Un nuevo reto se le presentará a Antonio en la madurez de su vida, al que responde con la misma generosidad de siempre. Cuba empieza abrirse y el IEME ve una oportunidad para la evangelización: como había hecho en el caso de Nicaragua, pide voluntarios a los grupos. Antonio vuelve a ofrecerse junto a otros, también dispuestos a iniciar esa tarea. Comienzan la siembra y van surgiendo personas y comunidades, cimientos de una Iglesia misionera. Los sacerdotes son muy escasos, dos o tres en algunas diócesis. Cada cristiano se siente enviado a continuar la misión de Jesús: “Id y anunciad que el Reino de Dios está cerca”. El misionero acompaña, anima y juntos crecen en la escucha de la Palabra, el anuncio y el encuentro eucarístico. La vida y la fe se entrelazan y producen frutos. Se va construyendo una vida más humana, más fraterna. (¡Misterios de Dios! Orestes, uno de aquellos animadores cristianos, emigrado a España, acompañará a Antonio y lo cuidará en su enfermedad).
Su último servicio en el IEME sería encargarse del cuidado de los misioneros enfermos y mayores, en la casa que el IEME tiene en Madrid para estos menesteres. Lo realiza con la misma disponibilidad y dedicación, acompañando a los hospitales y atendiendo a las diversas necesidades de estos hermanos. Sintiendo el agotamiento de la enfermedad, vuelve a la casa paterna; sentía un cariño especial por ella y, en otros tiempos, había dedicado parte de sus vacaciones para acondicionarla, trabajando con sus propias manos (como lo hacía también en la misión: constructor, electricista y mecánico, fotógrafo y revelador de sus propias fotos,…)

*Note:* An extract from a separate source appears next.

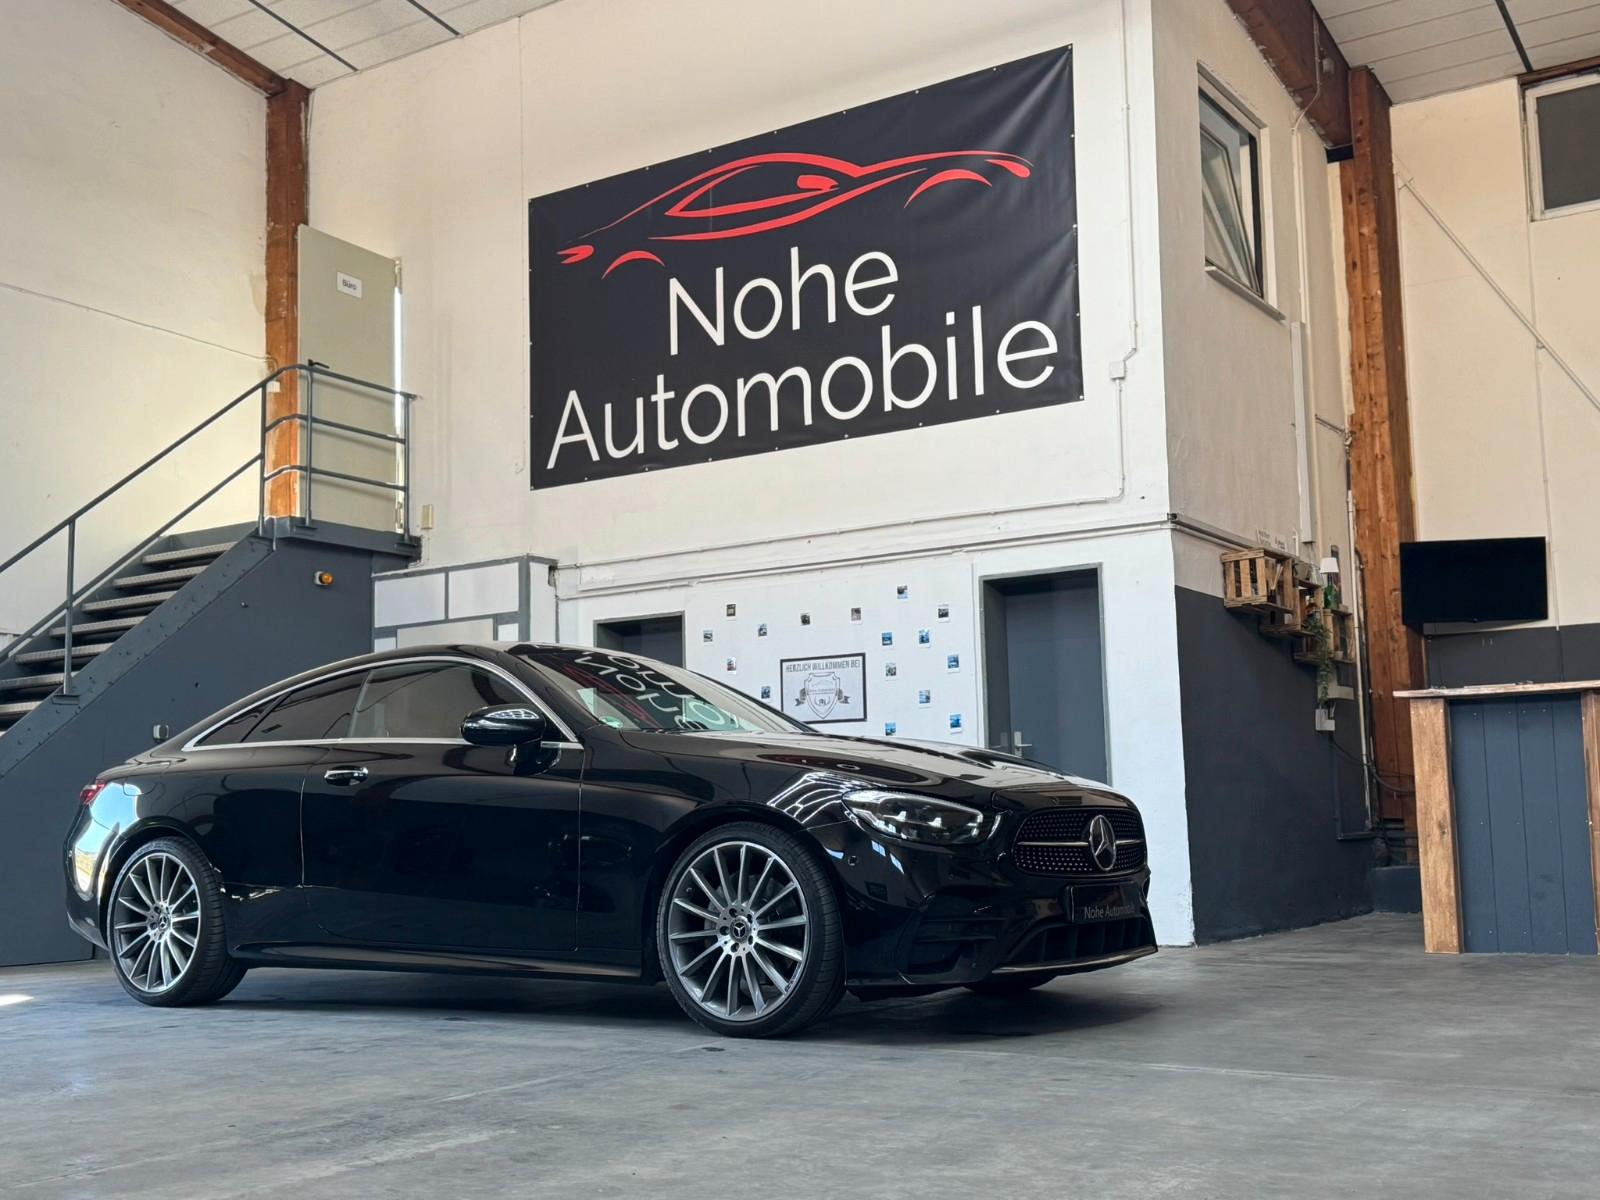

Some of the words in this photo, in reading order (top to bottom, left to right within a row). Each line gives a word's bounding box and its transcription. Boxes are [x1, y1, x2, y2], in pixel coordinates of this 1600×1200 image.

Aquí ha ido ofreciendo su vida. Supo que su final estaba próximo y se ofreció al Padre con la misma disponibilidad y entrega que en sus 51 años de actividad misionera. ¡Qué paz! Sabía de quién se había fiado. Iba a la casa del Padre. Allí nos encontramos.
CONSTANTES EN LA VIDA DE ANTONIO:
- Pasión y disponibilidad para el servicio.
- Pasión por la Misión de la Iglesia al servicio del Reino
- Disponibilidad a la voluntad de Dios, leída en el día a día de la vida.
- Clara opción por los pobres, pobres.
- Quiso mucho y se dejó querer, por eso sigue siendo amado y recordado por quienes lo conocieron.